Work to complete: Please reproduce all entries word for word, leaving every image behind.

(Images for object localization)
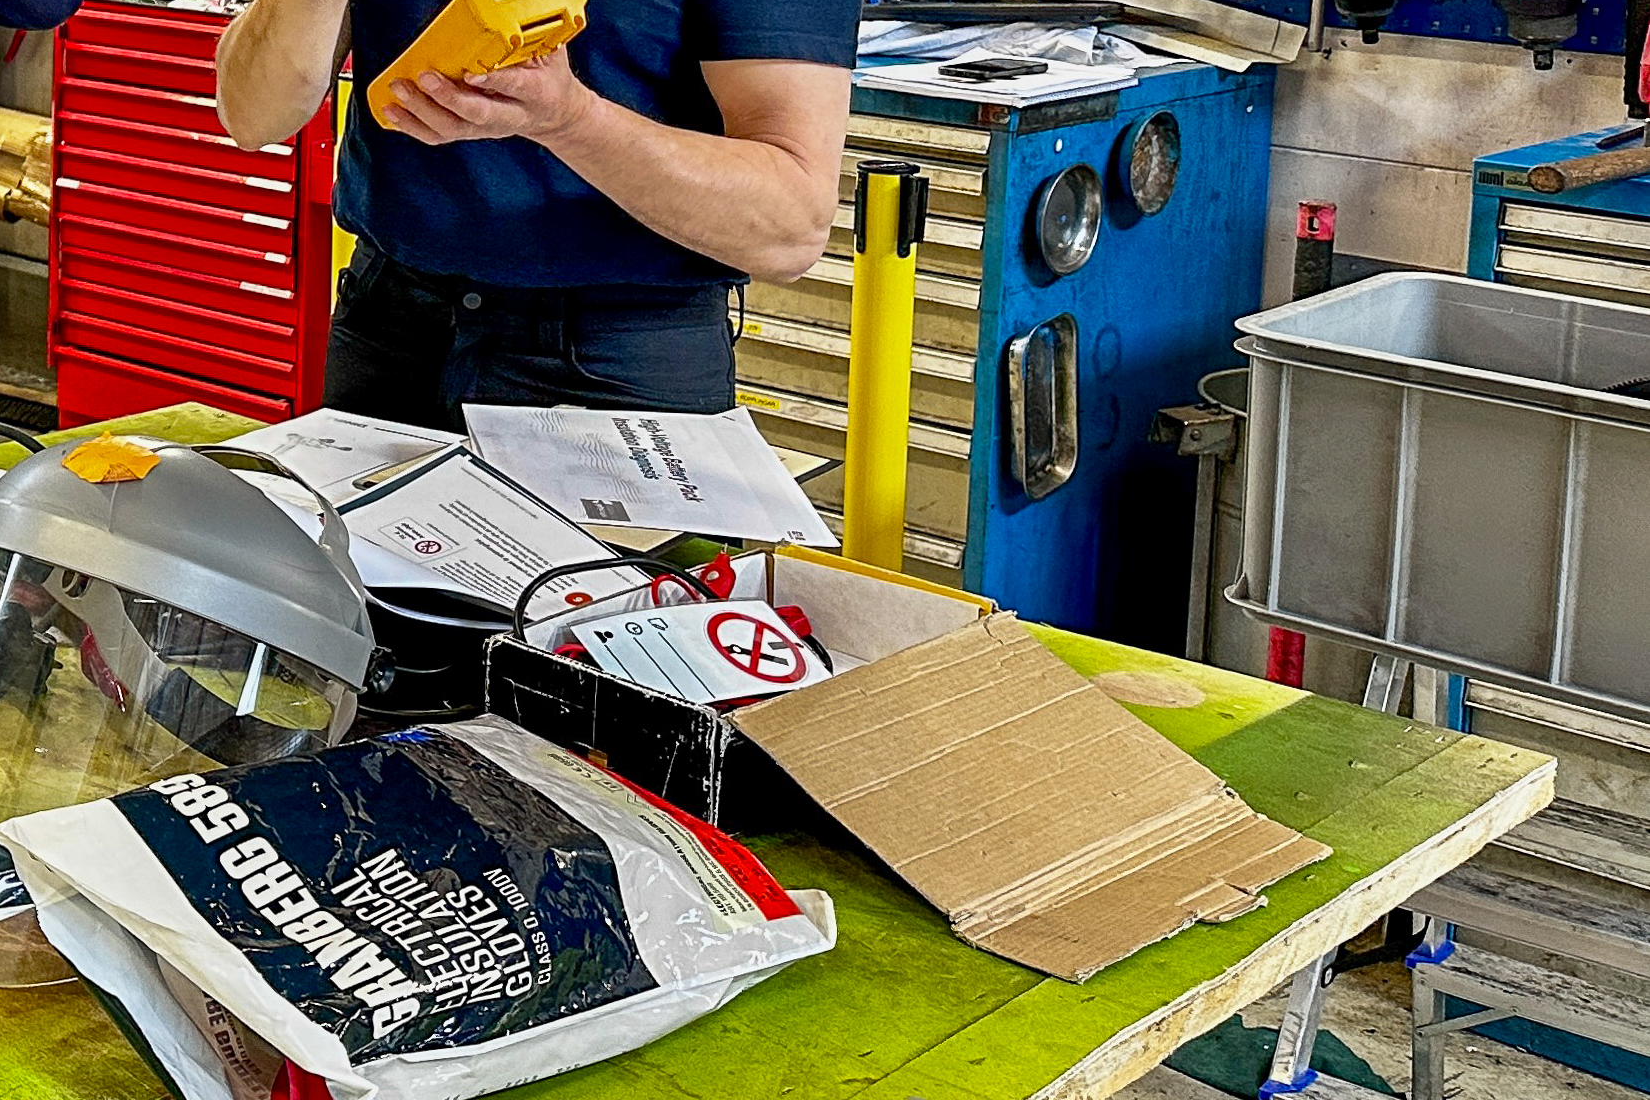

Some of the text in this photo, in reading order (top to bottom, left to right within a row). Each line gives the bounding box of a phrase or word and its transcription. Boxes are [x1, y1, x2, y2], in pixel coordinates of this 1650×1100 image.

[662, 457, 690, 483] Battery
[148, 773, 421, 1040] GRANBERG 589
[330, 867, 469, 1015] ELECTRICAL
[360, 848, 504, 1005] INSULATION
[444, 884, 533, 998] GLOVES
[482, 867, 530, 913] 1000V
[531, 931, 552, 986] CLASS
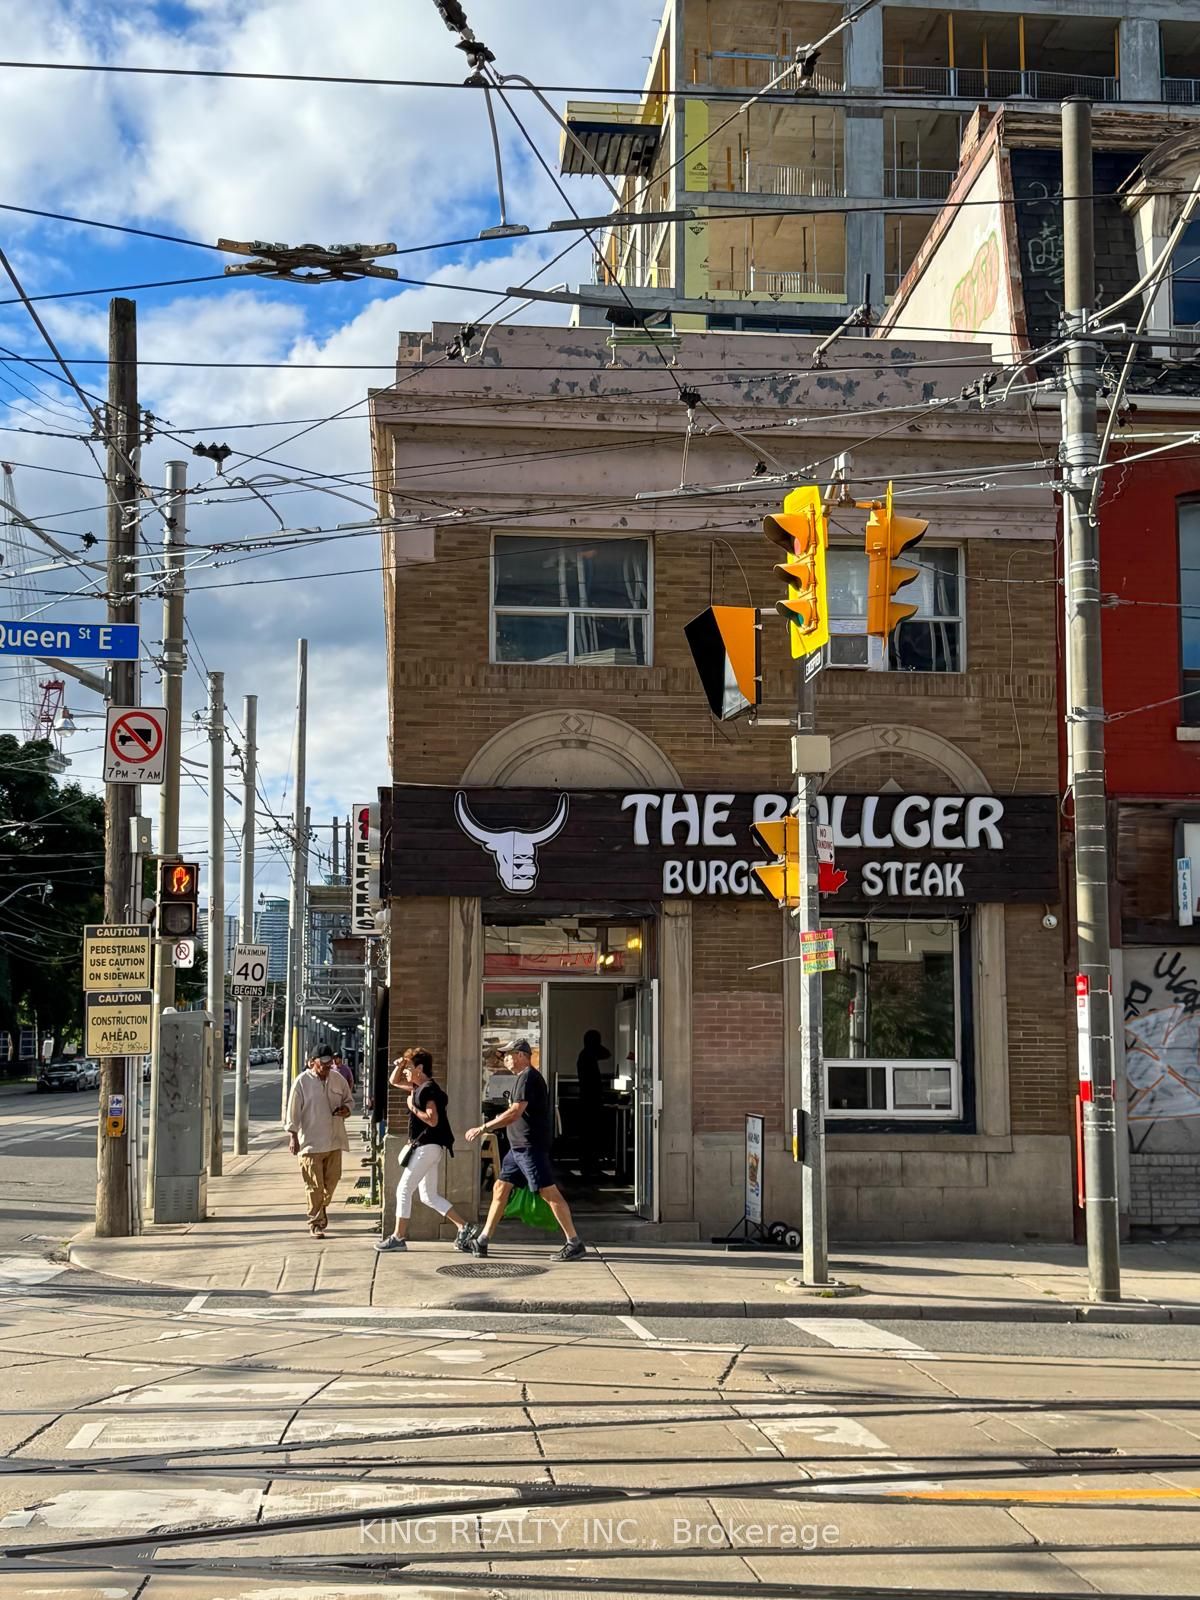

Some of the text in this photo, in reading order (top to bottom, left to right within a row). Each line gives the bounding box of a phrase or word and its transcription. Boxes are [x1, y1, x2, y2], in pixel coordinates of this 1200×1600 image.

[78, 627, 91, 640] St
[98, 627, 113, 650] E
[621, 793, 736, 847] THE
[861, 861, 966, 897] STEAK
[96, 927, 141, 937] CAUTION
[90, 944, 146, 955] PEDESTRIANS
[237, 949, 267, 957] MAXIMUM
[90, 958, 145, 967] USE CAUTION
[89, 971, 145, 981] ON SIDEWALK
[236, 962, 265, 982] 40
[233, 985, 263, 996] BEGINS
[98, 994, 142, 1004] CAUTION
[495, 1007, 539, 1017] SAVE BIG
[91, 1015, 148, 1026] CONSTRUCTION
[101, 1030, 138, 1042] AHEAD

Response:
Some of the text in this photo, in reading order (top to bottom, left to right within a row). Each line gives the bounding box of a phrase or word and its transcription. Boxes are [x1, y1, x2, y2], in pixel coordinates of this 1650×1100 image.

[662, 457, 690, 483] Battery
[148, 773, 421, 1040] GRANBERG 589
[330, 867, 469, 1015] ELECTRICAL
[360, 848, 504, 1005] INSULATION
[444, 884, 533, 998] GLOVES
[482, 867, 530, 913] 1000V
[531, 931, 552, 986] CLASS

Some of the text in this photo, in reading order (top to bottom, left to right within a row). Each line gives the bounding box of a phrase or word and its transcription. Boxes are [x1, y1, x2, y2], in pixel coordinates of this 1200×1600 image.

[78, 627, 91, 640] St
[98, 627, 113, 650] E
[621, 793, 736, 847] THE
[861, 861, 966, 897] STEAK
[96, 927, 141, 937] CAUTION
[90, 944, 146, 955] PEDESTRIANS
[237, 949, 267, 957] MAXIMUM
[90, 958, 145, 967] USE CAUTION
[89, 971, 145, 981] ON SIDEWALK
[236, 962, 265, 982] 40
[233, 985, 263, 996] BEGINS
[98, 994, 142, 1004] CAUTION
[495, 1007, 539, 1017] SAVE BIG
[91, 1015, 148, 1026] CONSTRUCTION
[101, 1030, 138, 1042] AHEAD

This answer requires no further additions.